- Task goal
Where a line holds the word "vivo", copy that line from the data below.

- Data provided
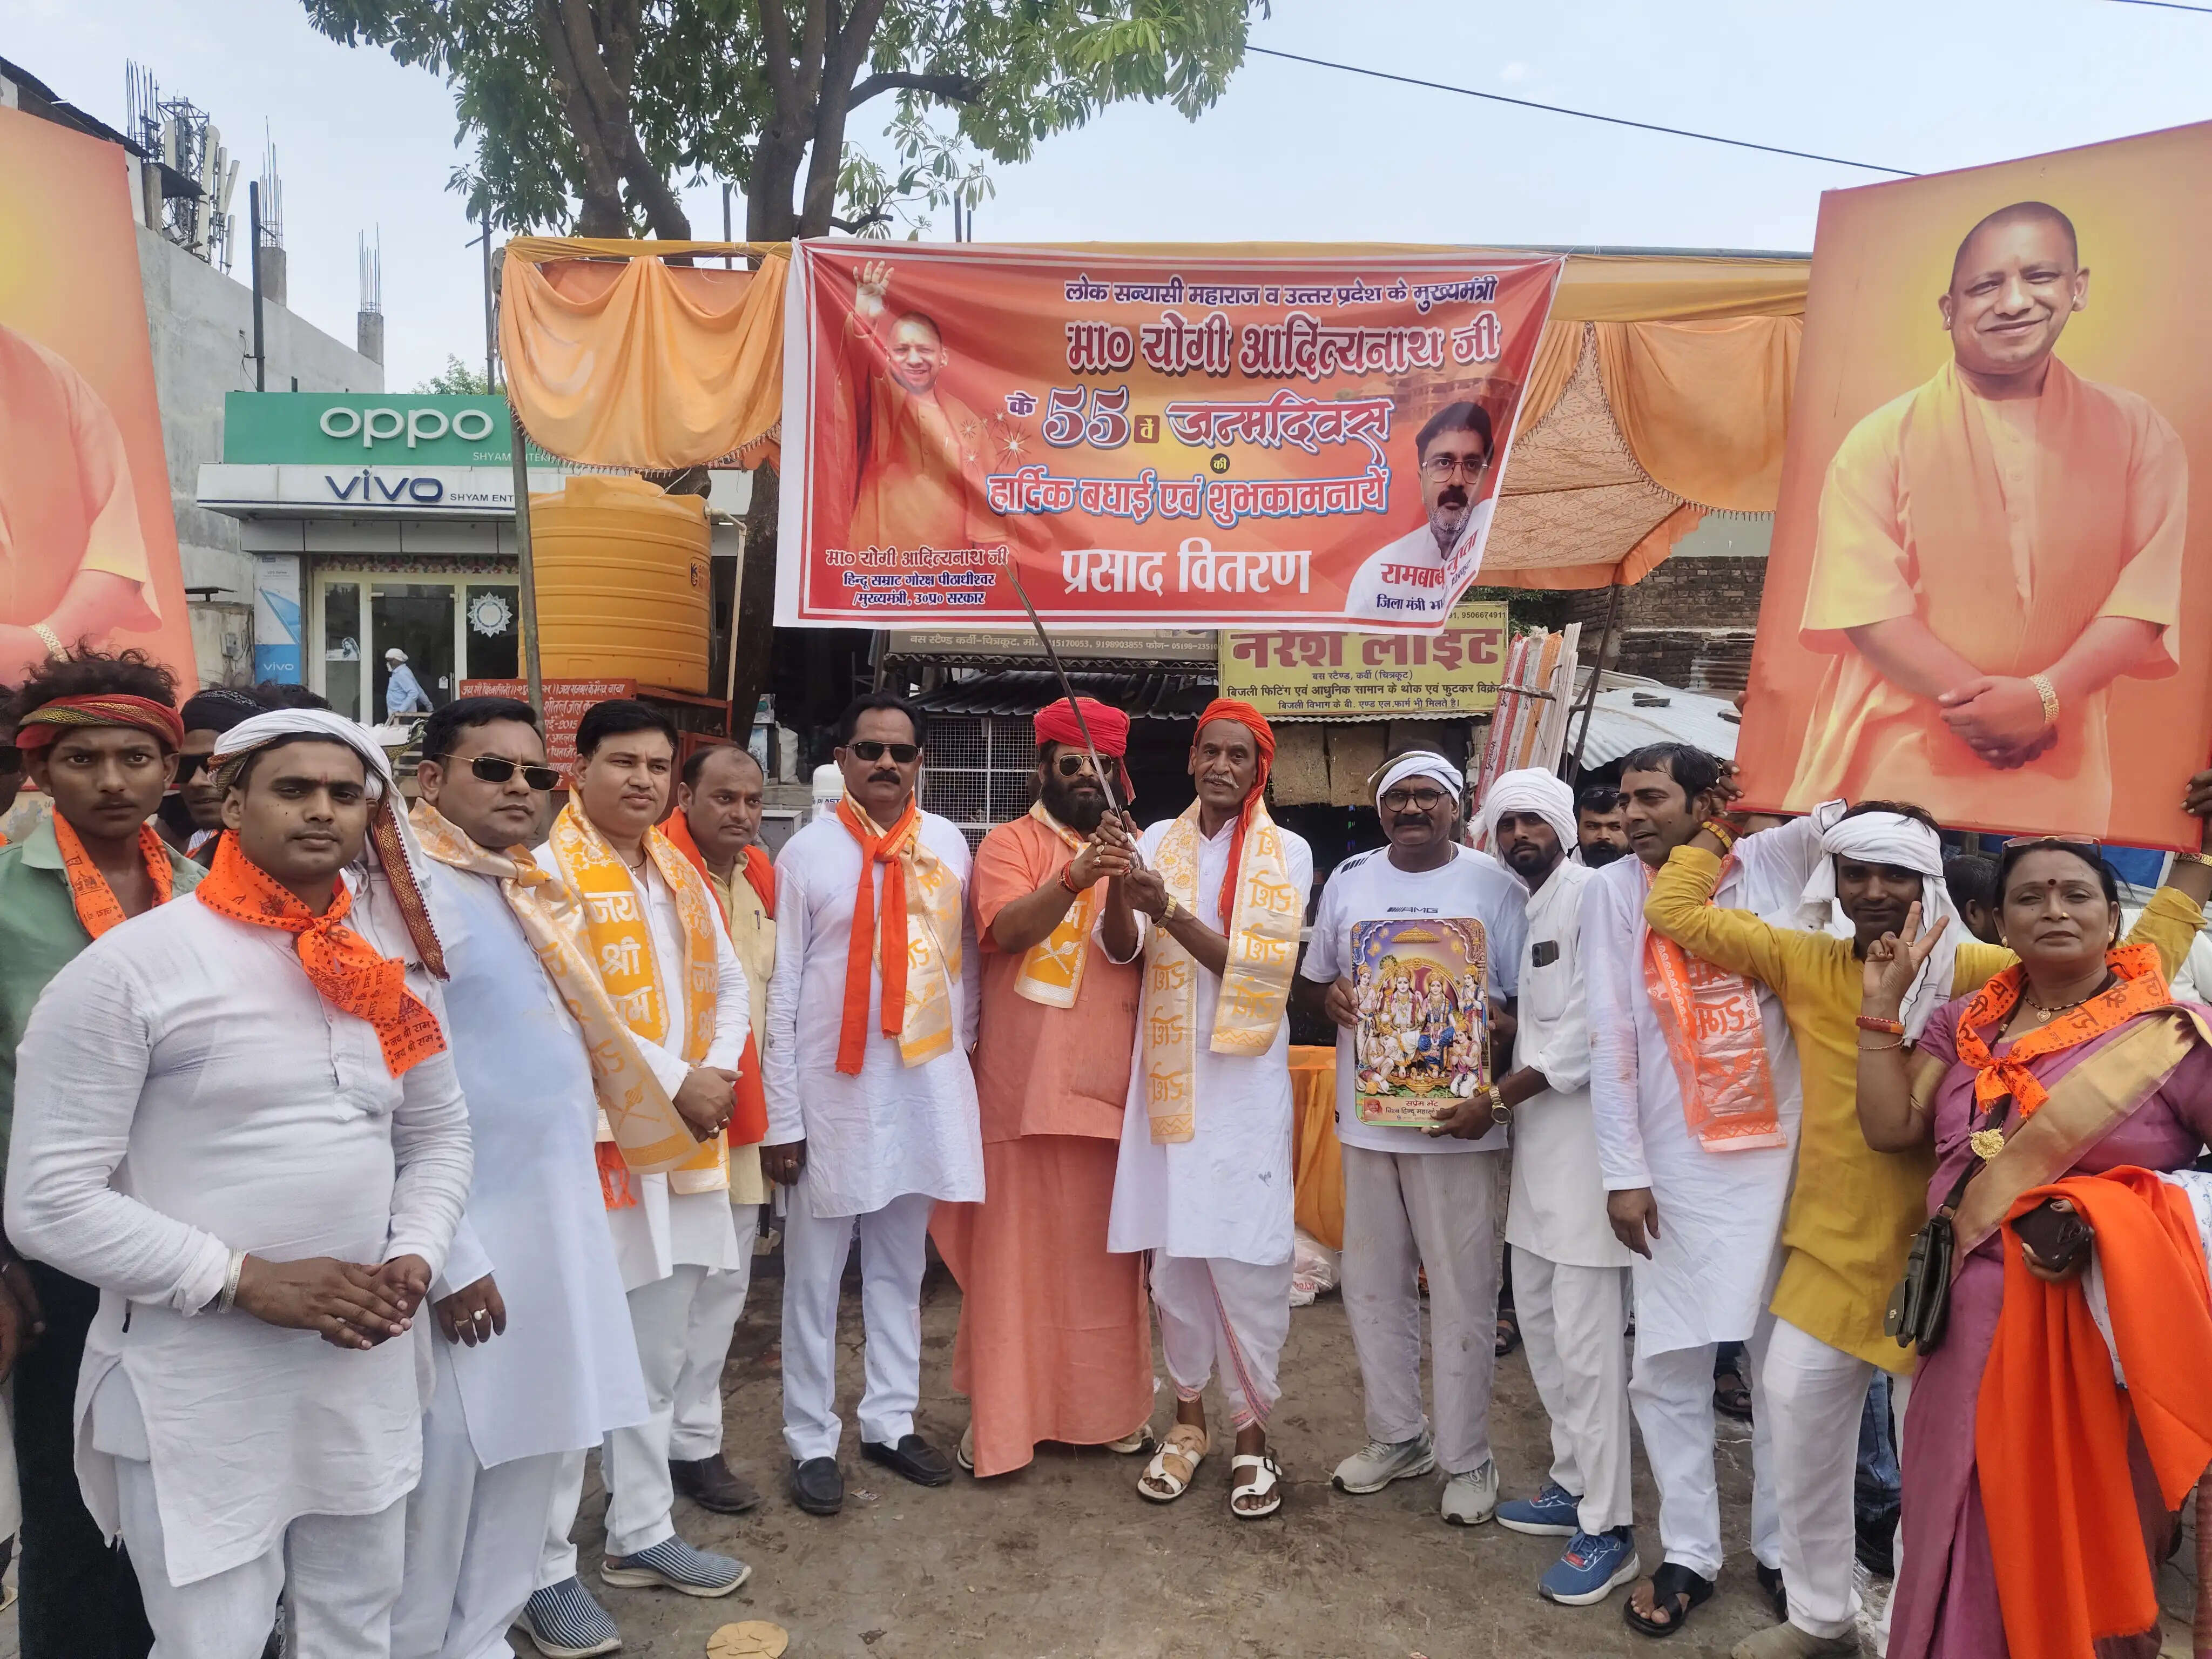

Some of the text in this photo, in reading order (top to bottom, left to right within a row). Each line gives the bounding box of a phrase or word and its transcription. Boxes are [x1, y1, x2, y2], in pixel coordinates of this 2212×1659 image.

[1064, 274, 1499, 315] लोक सन्यासी महाराज व उत्तर प्रदेश के मुख्यमंत्री
[1066, 310, 1501, 380] मा० योगी आदित्यनाथ जी
[320, 407, 494, 449] oppo
[1004, 390, 1038, 417] के
[1042, 384, 1131, 449] 55
[1165, 388, 1395, 466] जन्मदिवस
[473, 452, 512, 461] SHYAM
[1213, 457, 1228, 470] की
[325, 469, 444, 503] vivo
[986, 465, 1391, 529] हार्दिक बधाई एवं शुभकामनायें
[826, 545, 1009, 567] मा० योगी आदित्यनाथ जी
[1062, 538, 1311, 597] प्रसाद वितरण
[843, 570, 996, 591] हिन्दू सम्राट गोरक्ष पीठाधीश्वर
[946, 591, 986, 604] सरकार
[1377, 594, 1404, 609] जिला
[1406, 597, 1425, 611] मंत्री
[1041, 638, 1092, 648] 15170053,
[1359, 629, 1503, 671] लाइट
[263, 662, 294, 670] vivo
[1355, 670, 1372, 679] कर्वी
[1227, 685, 1258, 697] बिजली
[1260, 684, 1291, 696] फिटिंग
[1294, 684, 1308, 696] एवं
[1311, 683, 1351, 698] आधुनिक
[1354, 684, 1384, 694] सामान
[1388, 683, 1397, 694] के
[1401, 682, 1422, 694] थोक
[1425, 682, 1439, 695] एवं
[1442, 684, 1473, 697] फुटकर
[1278, 699, 1304, 710] बिजली
[1306, 699, 1330, 709] विभाग
[1333, 699, 1340, 708] के
[1359, 700, 1375, 709] एण्ड
[1413, 699, 1422, 708] भी
[1425, 698, 1448, 708] मिलते
[584, 891, 643, 923] जय
[601, 936, 641, 976] श्री
[413, 1021, 430, 1033] राम
[1406, 1099, 1424, 1108] सप्रेम

- Expected output
[325, 469, 444, 503] vivo
[263, 662, 294, 670] vivo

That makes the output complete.